The deputy district judge refused the application.
The Chief Constable appealed by way of case stated.
Jason Beer (instructed by solicitor, Lancashire Police Authority) for the Chief Constable; Michael Hayton (instructed by Inghams, Preston) for the respondent.
Held, allowing the appeal, that an applicant for an anti-social behaviour order relying on the likelihood alternative in section 1(1)(a) of the 1998 Act had to prove to the criminal standard of sureness that harassment, alarm or distress was likely to be caused; but that it was not necessary to prove:
- Intent to cause harassment, alarm or distress;
- Where the conduct of a number of persons was involved, that the respondent was acting in concert with them; or
- Where those effects were caused by the conduct of a number of people, including the respondent, that her conduct on its own would have been of a sufficiently aggravated nature to cause those effects, or, if not, that she in some way shared responsibility with the others for their aggravated conduct.
That, accordingly, an anti-social behaviour order could be made in respect of a prostitute where it had been proved to the criminal standard that her conduct, whether considered on its own or in conjunction with that of other street prostitutes, had caused or had been likely to cause harassment, alarm or distress to others.
Defence counsel delaying making submission of no case to answer to obtain tactical advantage - prosecution not to be frustrated unless fair trial for defendant impossible - amendment to indictment rightly permitted where not affecting case against defendant
R v Gleeson: CA (Lord Justice Auld, Mr Justice Grigson and Mr Justice Roderick Evans): 16 September 2003
The defendant was charged in count 1 of an indictment with conspiracy to defraud contrary to common law.

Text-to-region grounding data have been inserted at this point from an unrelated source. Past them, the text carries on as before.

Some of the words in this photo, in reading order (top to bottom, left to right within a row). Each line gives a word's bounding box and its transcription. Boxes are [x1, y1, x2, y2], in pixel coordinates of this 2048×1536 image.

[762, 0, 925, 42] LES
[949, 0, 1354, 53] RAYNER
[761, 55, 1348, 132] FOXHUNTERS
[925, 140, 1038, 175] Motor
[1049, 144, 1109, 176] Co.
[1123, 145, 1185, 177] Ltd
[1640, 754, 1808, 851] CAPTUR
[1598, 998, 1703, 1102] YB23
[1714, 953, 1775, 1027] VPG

At the close of the prosecution's case, and without warning to prosecuting counsel, defence counsel, relying on Director of Public Prosecutions v Nock [1978] AC 979, submitted that there was no case to answer on the indictment as drawn because there could be no common law conspiracy to defraud where the object of the conspiracy was impossible to achieve.

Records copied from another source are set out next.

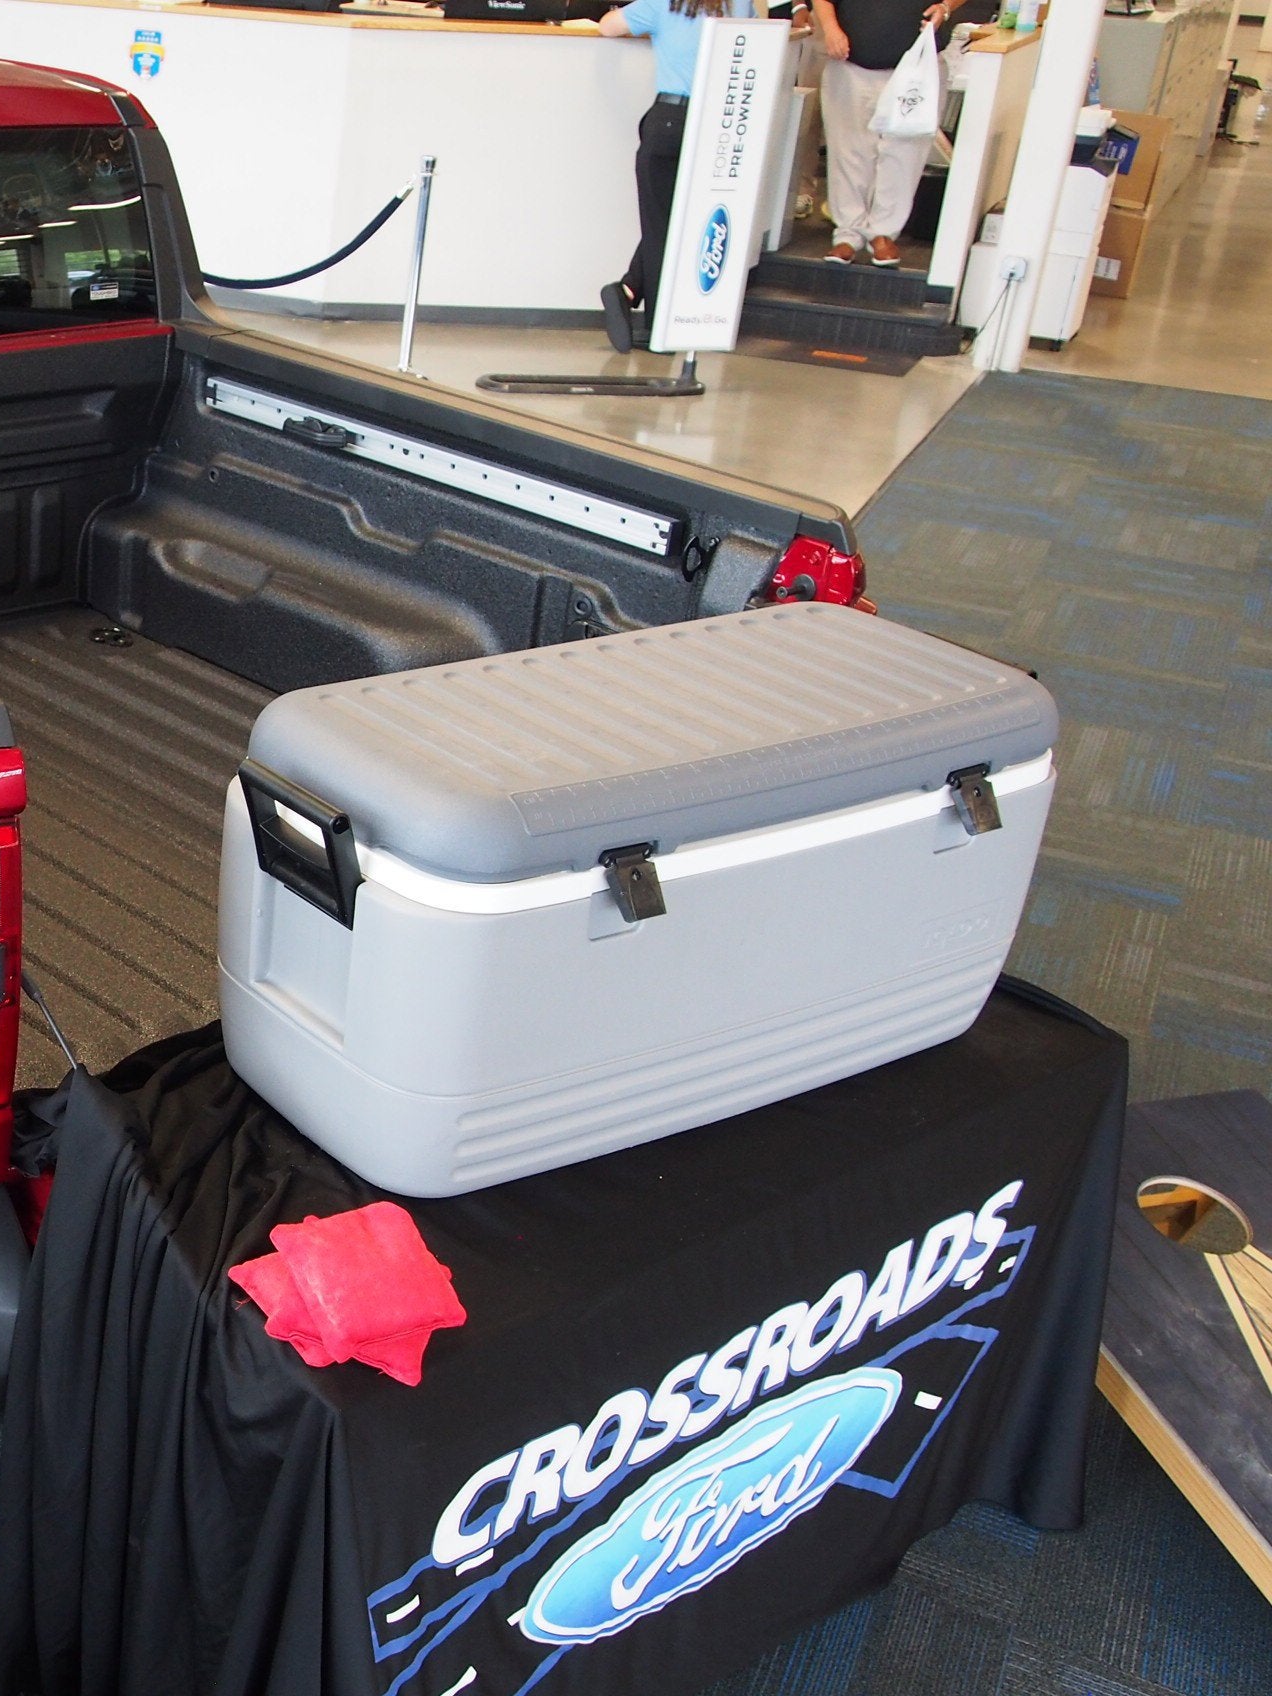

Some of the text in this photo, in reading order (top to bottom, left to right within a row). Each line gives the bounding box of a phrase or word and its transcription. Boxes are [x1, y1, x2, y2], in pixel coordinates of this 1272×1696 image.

[488, 0, 526, 9] ViewSonic
[713, 34, 746, 178] FORD CERTIFIED
[729, 68, 756, 178] PRE-OWNED
[700, 221, 727, 280] Ford
[432, 1179, 1024, 1565] CROSSROADS
[610, 1414, 841, 1611] Ford
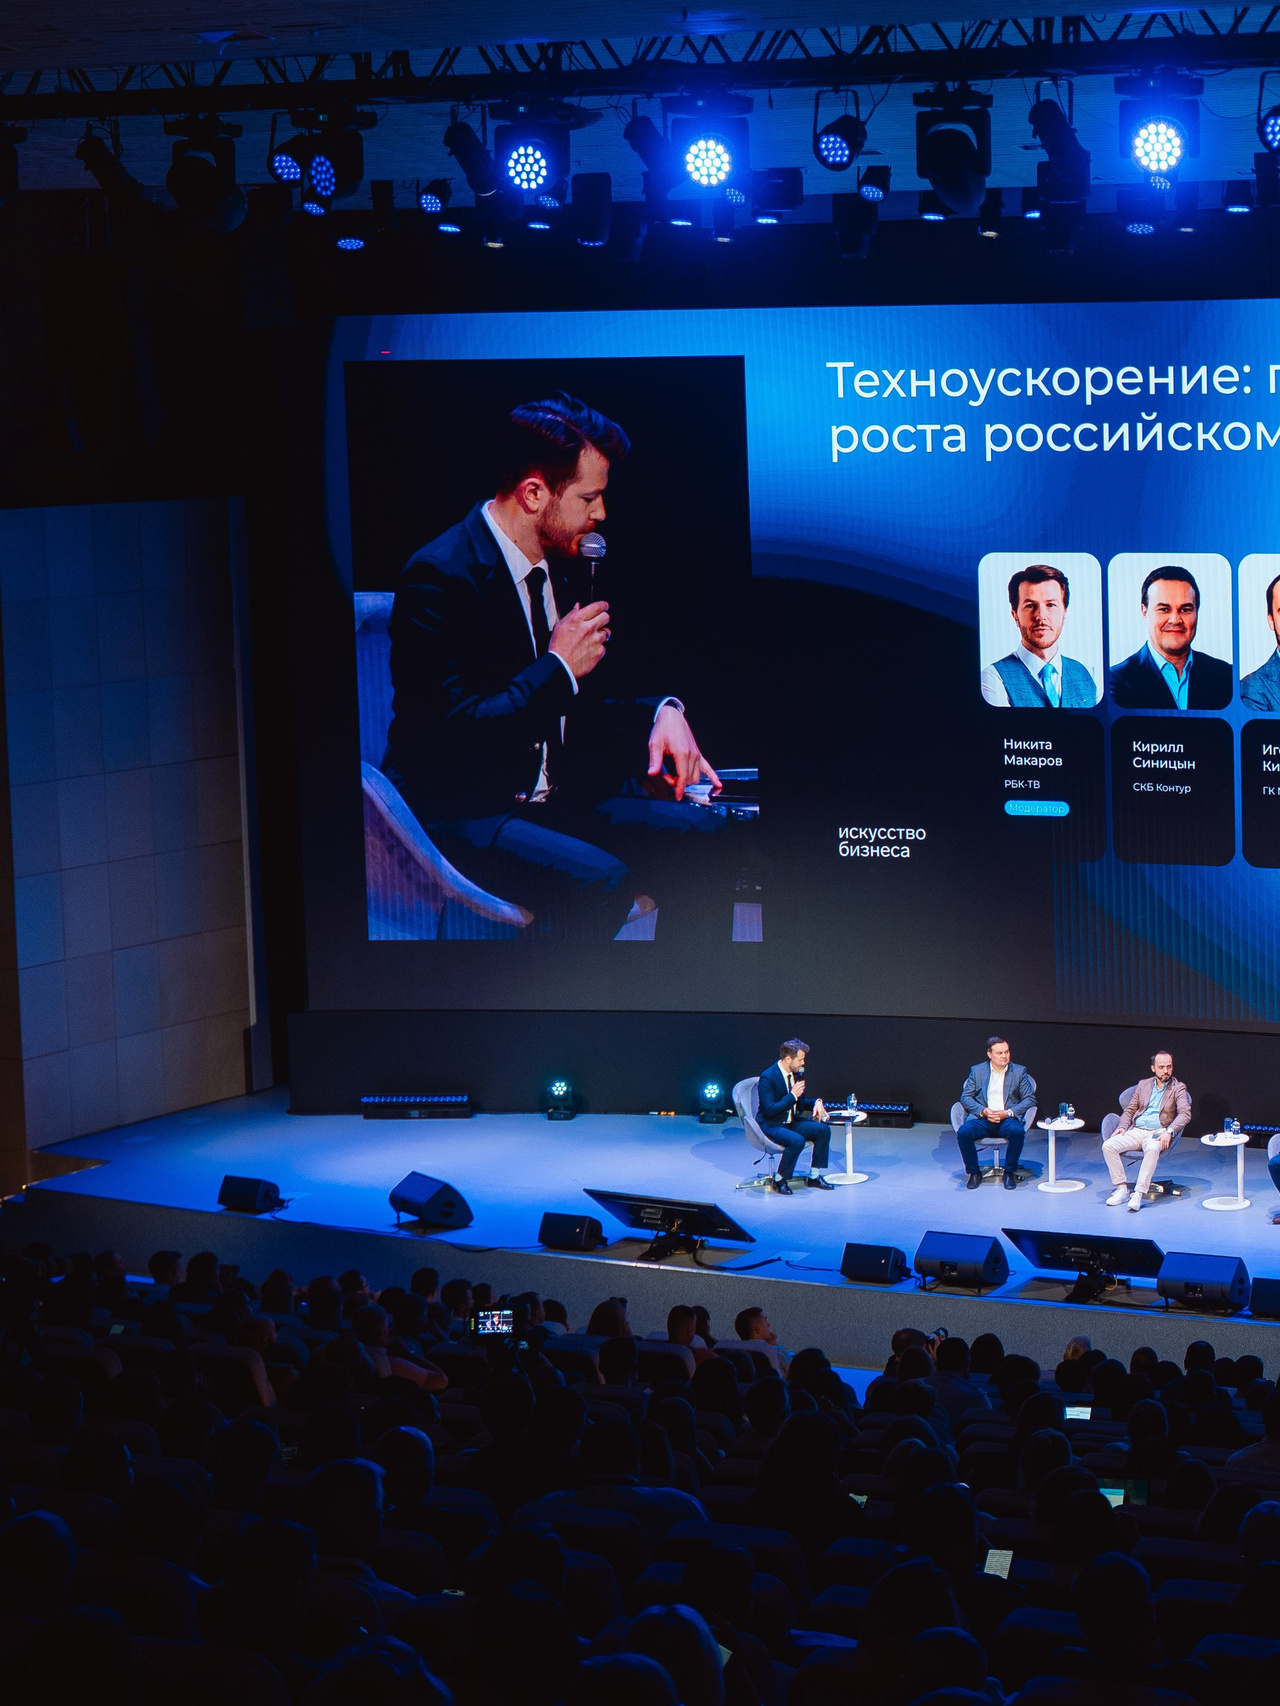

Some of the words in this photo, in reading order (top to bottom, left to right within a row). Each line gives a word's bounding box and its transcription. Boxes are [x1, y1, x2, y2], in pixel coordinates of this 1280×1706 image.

[826, 361, 1251, 406] Техноускорение:
[831, 425, 966, 463] роста
[1004, 739, 1052, 750] Никита
[1133, 740, 1183, 754] Кирилл
[1005, 755, 1062, 768] Макаров
[1133, 757, 1195, 770] Синицын
[1005, 780, 1040, 788] РБК-ТВ
[1133, 783, 1154, 791] СКБ
[1156, 784, 1191, 794] Контур
[1263, 787, 1275, 795] ГК
[1009, 803, 1065, 815] Модератор
[839, 827, 926, 843] искусство
[839, 841, 910, 857] бизнеса

The judge accepted that submission but allowed the Crown to amend the indictment by adding what became count 2, a charge of statutory conspiracy to obtain money by deception, of which the defendant was subsequently convicted.

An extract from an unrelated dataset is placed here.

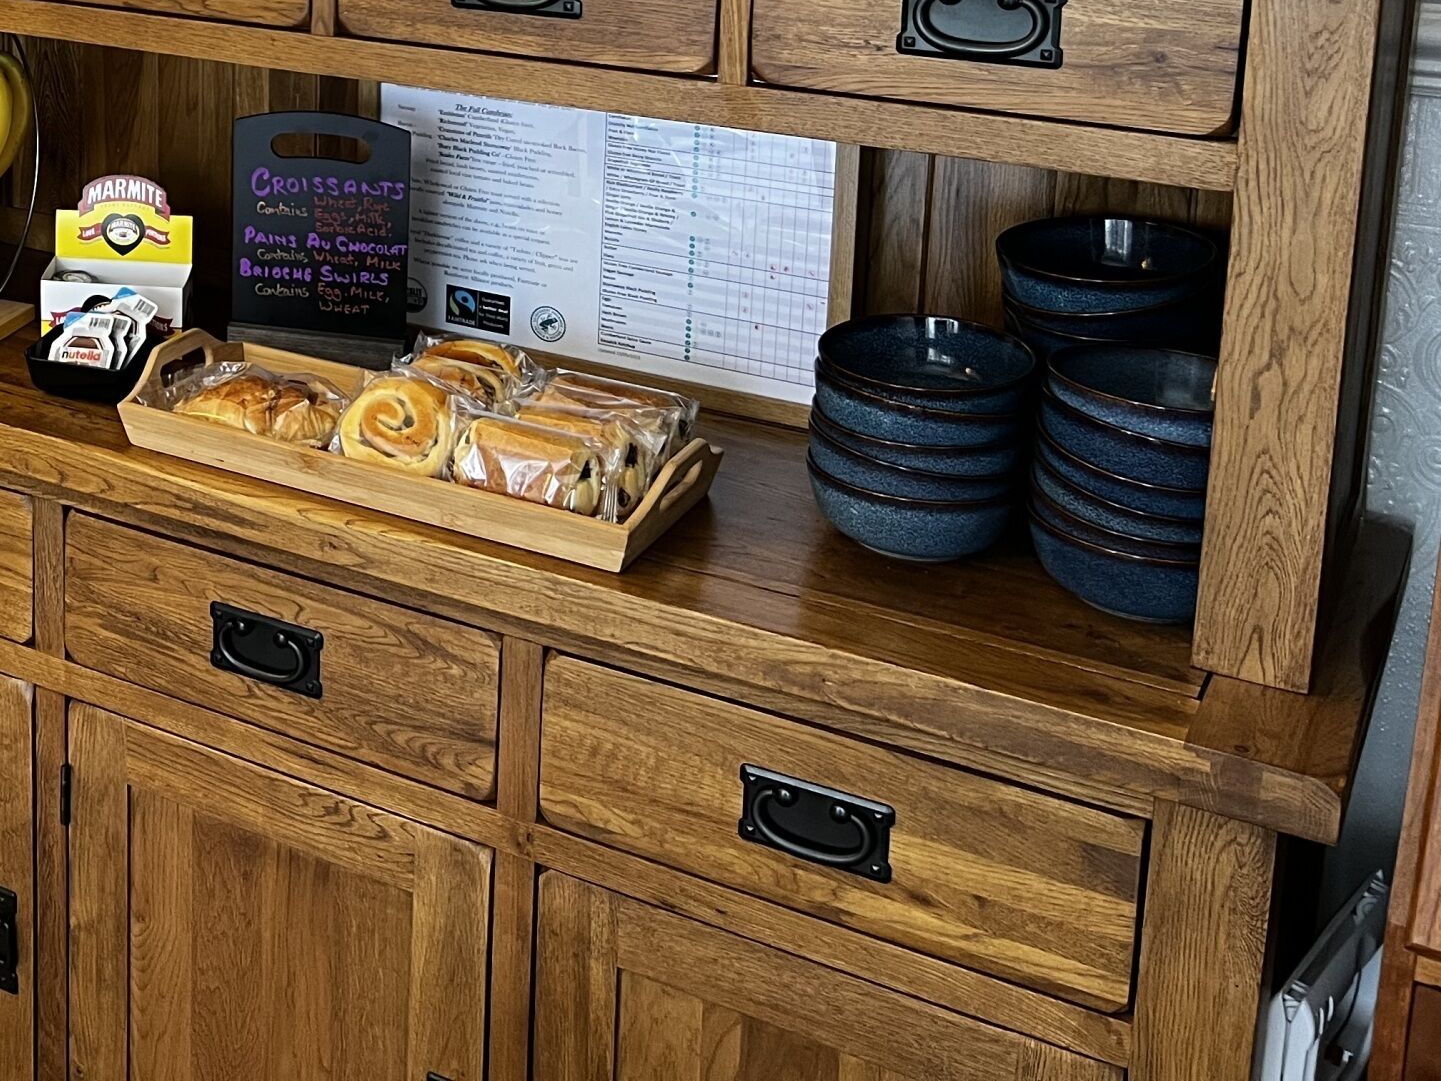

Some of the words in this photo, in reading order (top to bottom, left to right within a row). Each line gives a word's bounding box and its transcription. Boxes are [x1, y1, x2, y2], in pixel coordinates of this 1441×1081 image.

He appealed on the ground that the judge had been wrong to allow the prosecution to amend the indictment at such a late stage.
Stephen Spence (assigned by the Registrar of Criminal Appeals) for the defendant; Emma Broadbent (instructed by the special casework unit, Crown Prosecution Service) for the Crown.
Held, dismissing the appeal, that it was contrary to his professional duty for defence counsel to take advantage of procedural errors made by the prosecution by deliberately delaying identifying those errors until the case for the prosecution had been finished; that just as a defendant should not be penalised by errors committed by his legal representative, so also should the prosecution not be frustrated by errors made by the Crown's legal team unless such errors had irremediably rendered a fair trial for the defendant impossible; and that, accordingly, where the case to be met by the defendant was in fact unchanged by the amendment no unfairness resulted.